Кажется, именно К. Маркс утверждал, что люди в процессе общения и деятельности обмениваются самыми разнообразными продуктами своего труда. Не только теми, которые они произвели в сфере материального производства (то есть товаром), но и словами, мыслями, информацией, то есть идеями. Сам факт «производства», обмена, присвоения, купли, воровства и т. д. идей в наше время настолько очевиден, что не требует особых доказательств. Но точно так же, как при производстве машин и механизмов, возникших как материальное воплощение технических идей, происходит постоянное совершенствование этих механизмов, так случается и с социальными идеями. Однажды, озарив своим завораживающим светом чье-то сознание, идея, овладевая умами людей, стремится через них воплотиться в историческую реальность. Конечно, не идея сама по себе, а люди, открывшие или присвоившие себе эту идею, воплощают ее в жизнь. Вне зависимости от того, становится ли она воплощением плана социального преобразования или нет, ее, передаваемую из поколения в поколение, из одной цивилизации в другую, преобразуемую, обогащаемую или вырождающуюся, все же неуклонно стремятся вновь и вновь воплотить в историческую реальность. Так, общество, однажды случайным образом открыв или сознательно произведя, затем уже сообща пестует «общечеловеческие» или «вечные» идеи, и в первую очередь в сфере организации общественной жизни.

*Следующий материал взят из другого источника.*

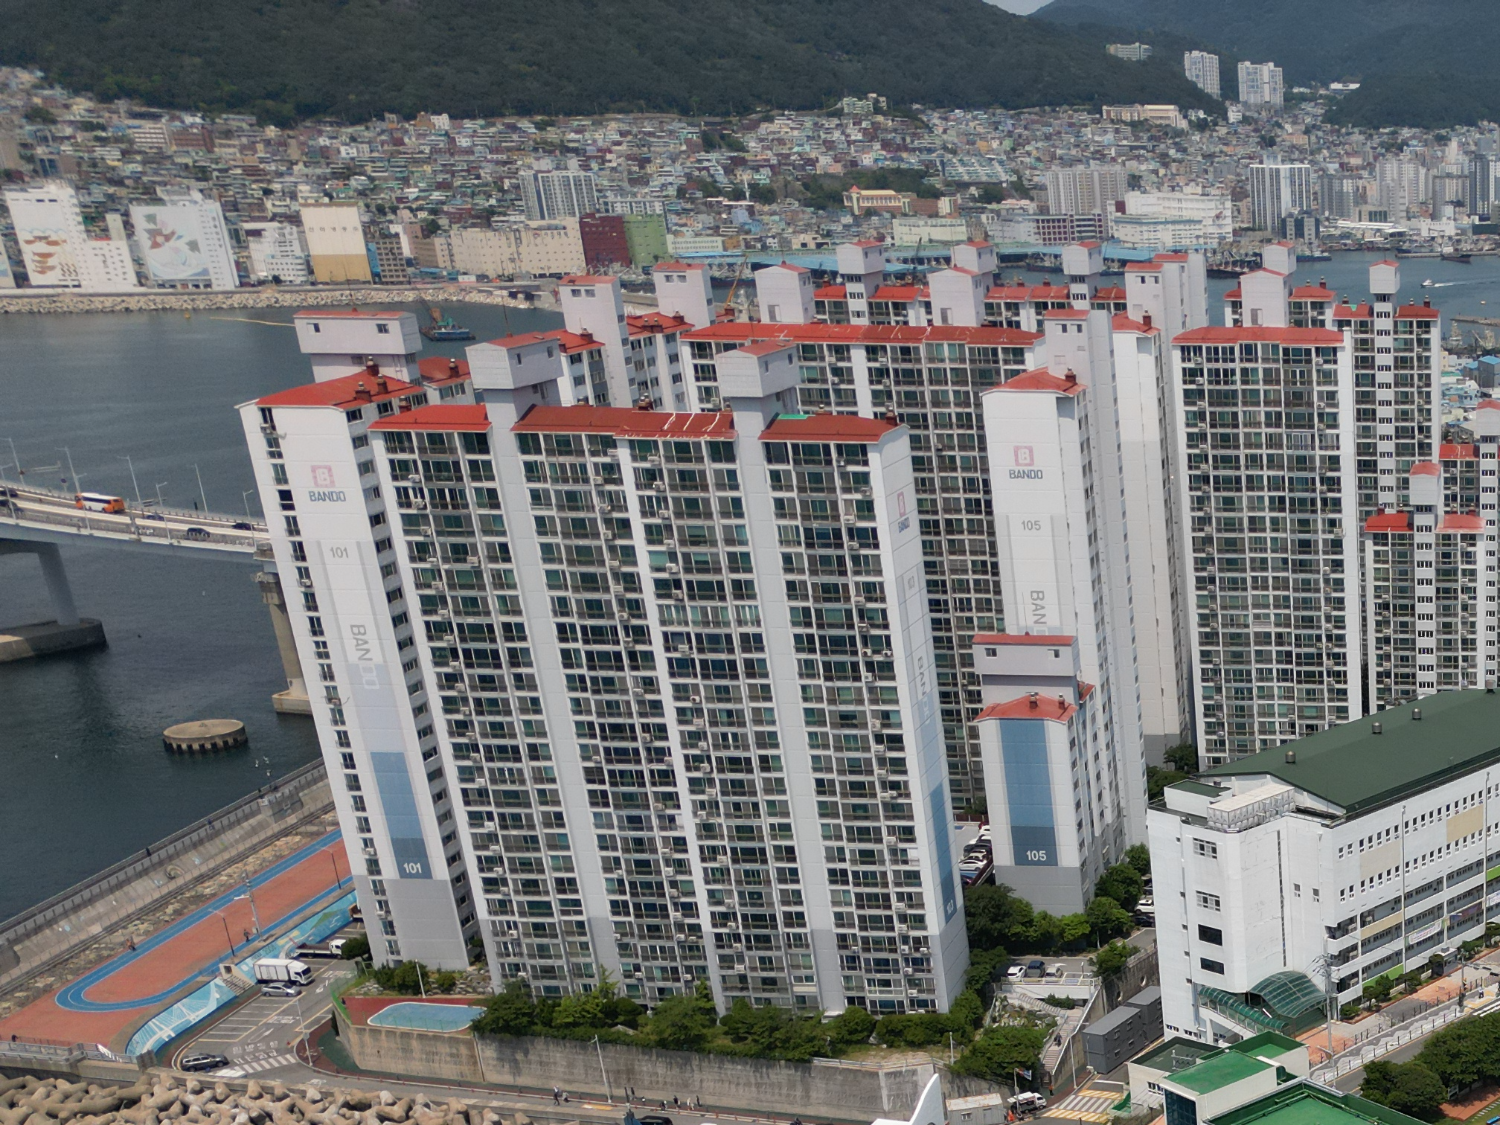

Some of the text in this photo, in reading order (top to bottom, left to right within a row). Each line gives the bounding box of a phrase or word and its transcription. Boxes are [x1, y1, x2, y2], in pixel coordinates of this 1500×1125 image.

[1008, 469, 1043, 480] BANDO
[308, 490, 346, 502] BANDO
[1021, 520, 1041, 531] 105
[329, 546, 349, 559] 101
[350, 624, 380, 690] BANDO
[1026, 850, 1046, 861] 105
[403, 862, 422, 874] 101

Пока человечество существует, его будет мучить воистину вечная идея конструирования и обустройства наилучшего «государственного дома». Человечество обречено на вечный соблазн, на вечный поиск наиболее «совершенного», «разумного», «свободного», «незыблемого», «самого могучего», «демократичного», «справедливого», «богатого» и т. д. общественного устройства вообще и государственного в частности. Из идеалов, из представлений о наилучшем общественном устройстве выросли все формы политической борьбы – от парламентской и реформаторской до диктаторской и революционной. Или чего стоит, например, роль идеи, ведущей к консолидации, к сплочению общества или к его сбалансированности.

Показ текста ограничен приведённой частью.